Unless lawmakers act to restore broader protections, Vermont farmers may discover that their rights depend less on soil health—and more on where their land sits on the zoning map.
All three cases—the Struthers duck farm in Essex Junction, the Tom Wood livestock farm in Orleans, and the SM Farms Shop in Hartland—collectively reveal a growing tension in Vermont between local zoning boards and the state’s long-standing agricultural identity. While Vermont has long celebrated its rural character, local governments are increasingly asserting zoning authority in ways that restrict traditional and small-scale agricultural activities. These cases expose a deeper shift: from a state once perceived as universally farm-friendly to one where farming rights now depend heavily on technical compliance with zoning codes, planning language, and regulatory procedure.
In the Struthers case, the town of Essex Junction aggressively enforced zoning restrictions to shut down a small backyard duck and cannabis operation, despite the owner's reliance on Vermont’s Right to Farm laws. The Supreme Court ultimately sided with the municipality, drastically narrowing the interpretation of agricultural exemptions and affirming that local governments have broad authority to restrict farm practices not explicitly covered by water-quality-focused RAPs (Required Agricultural Practices).
Similarly, in Orleans, the town of Barton pursued zoning violations against Tom Wood for operating a livestock farm in a residential zone, despite the property's agricultural history and nearly a decade of enforcement silence. Rather than addressing concerns through agricultural policy or animal welfare channels, the town chose zoning as its legal weapon—underscoring a pattern of land-use control overriding cultural norms and historical uses.
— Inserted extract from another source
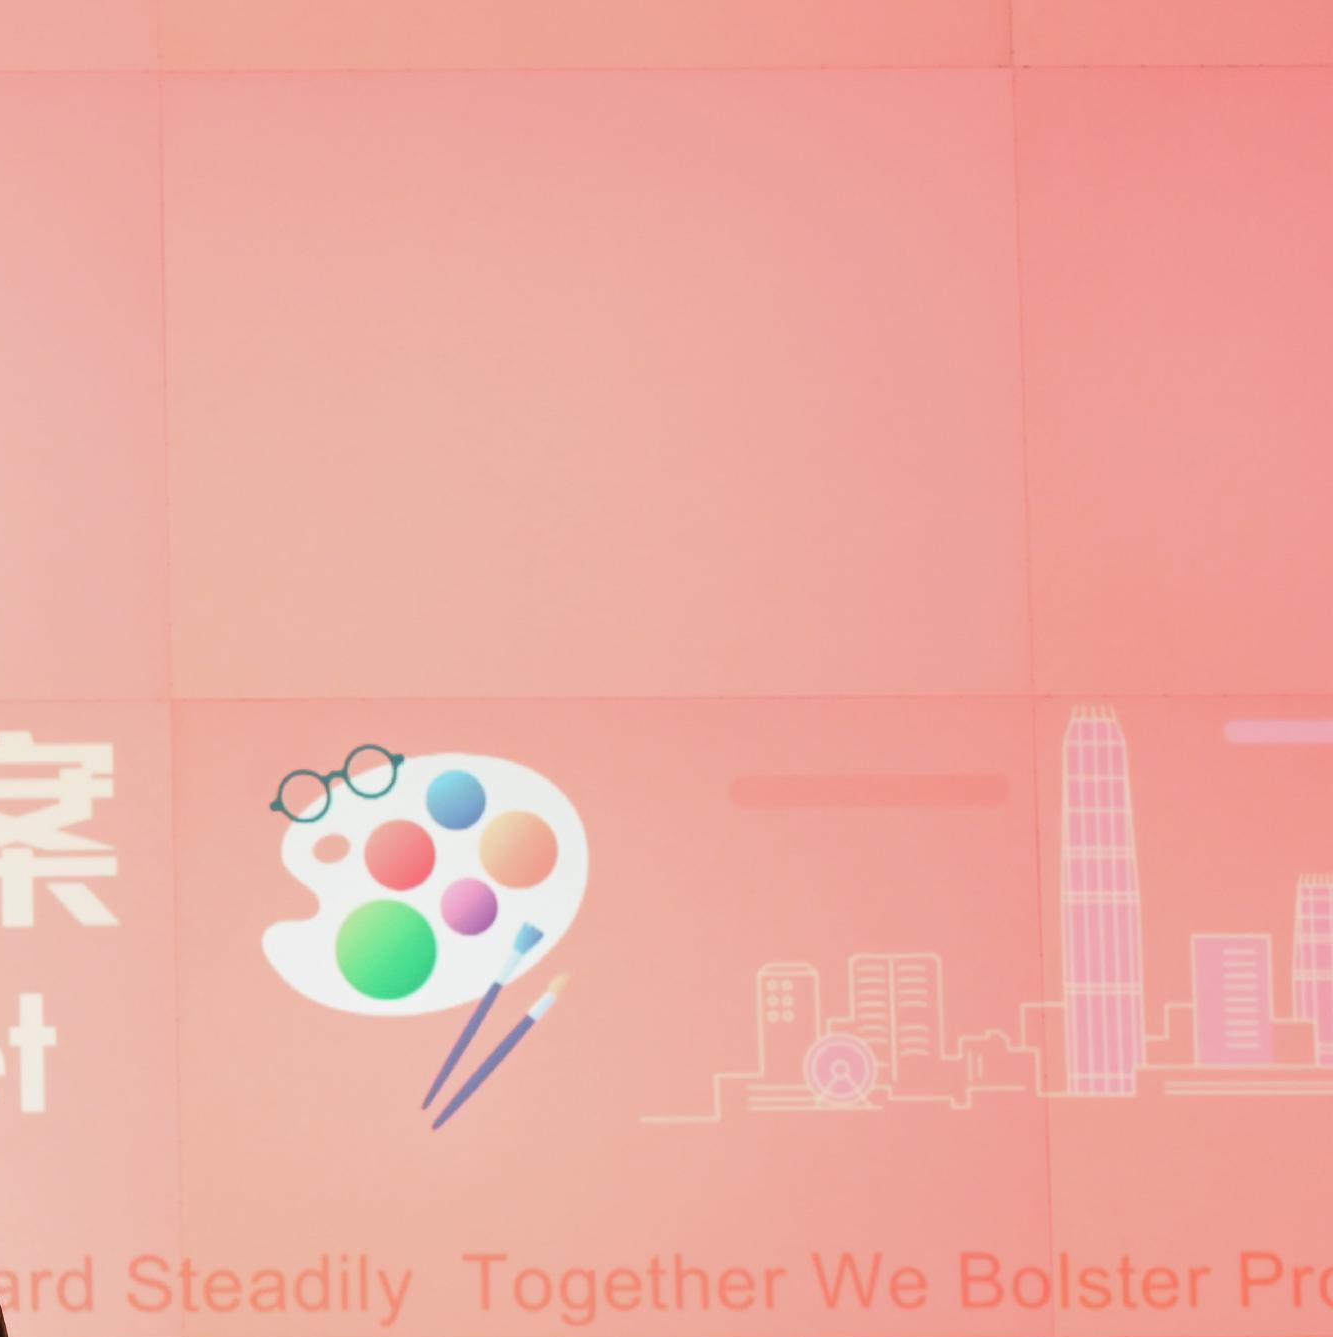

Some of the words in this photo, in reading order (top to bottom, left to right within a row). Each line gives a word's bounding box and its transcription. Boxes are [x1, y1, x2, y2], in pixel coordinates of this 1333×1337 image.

The Hartland case, while yielding the opposite outcome, still reflects this adversarial posture. The Hartland Planning Commission and regional planners attempted to block a farm-linked retail outlet that met state land-use goals under Act 250. Only a narrow 3–2 Supreme Court ruling preserved the project—revealing how even well-organized, resource-based agricultural development can face steep opposition from local authorities.
Together, these cases illustrate a broader trend: local zoning boards are becoming gatekeepers not just of development, but of agriculture itself. Their actions suggest a shift in priorities—from accommodating working landscapes to controlling land use for residential, aesthetic, or economic reasons that often conflict with traditional farming. Whether driven by changing demographics, gentrification pressures, or environmental politics, the result is the same: farming in Vermont now requires navigating a bureaucratic minefield, where tradition and legacy offer little protection without regulatory alignment.
This growing disconnect poses a serious challenge to Vermont’s agricultural future. If left unchecked, it could fragment rural communities, suppress local food systems, and undermine the very identity the state has long promoted. These legal battles are not just isolated zoning disputes—they are flashpoints in a much larger struggle over who gets to define the future of Vermont’s landscape.